> [Required action] With the pictures excluded, reproduce all of the data exactly.

◆ ◆ ◆ ◆

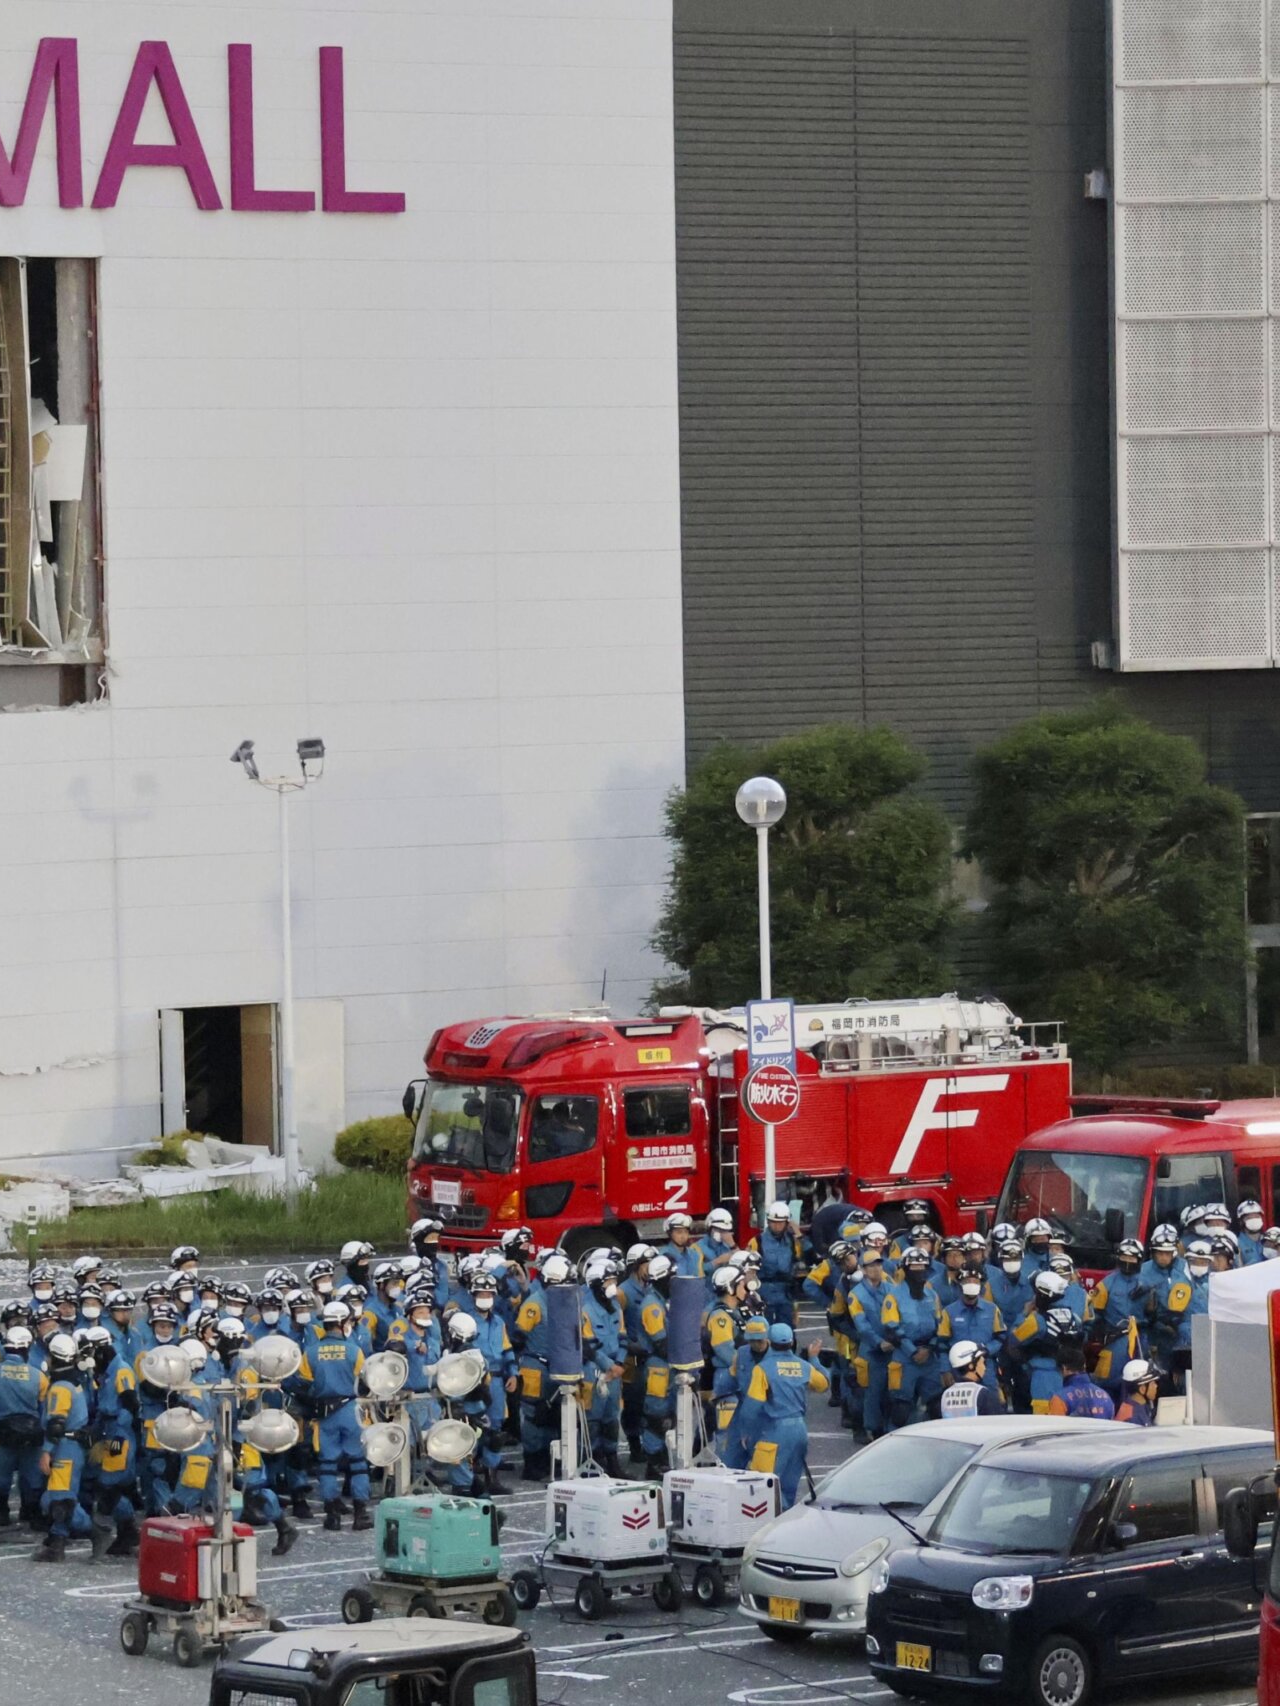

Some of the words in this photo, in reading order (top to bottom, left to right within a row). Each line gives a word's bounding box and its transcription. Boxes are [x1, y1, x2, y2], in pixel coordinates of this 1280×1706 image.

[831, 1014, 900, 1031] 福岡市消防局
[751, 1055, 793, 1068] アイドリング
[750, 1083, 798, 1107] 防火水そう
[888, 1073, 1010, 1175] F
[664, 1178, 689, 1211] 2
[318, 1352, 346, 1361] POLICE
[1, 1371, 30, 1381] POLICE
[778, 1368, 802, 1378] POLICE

◆ ◆ ◆ ◆

> [Reply to the task]
Some of the words in this photo, in reading order (top to bottom, left to right within a row). Each line gives a word's bounding box and its transcription. Boxes are [x1, y1, x2, y2], in pixel coordinates of this 1280×1706 image.

[831, 1014, 900, 1031] 福岡市消防局
[751, 1055, 793, 1068] アイドリング
[750, 1083, 798, 1107] 防火水そう
[888, 1073, 1010, 1175] F
[664, 1178, 689, 1211] 2
[318, 1352, 346, 1361] POLICE
[1, 1371, 30, 1381] POLICE
[778, 1368, 802, 1378] POLICE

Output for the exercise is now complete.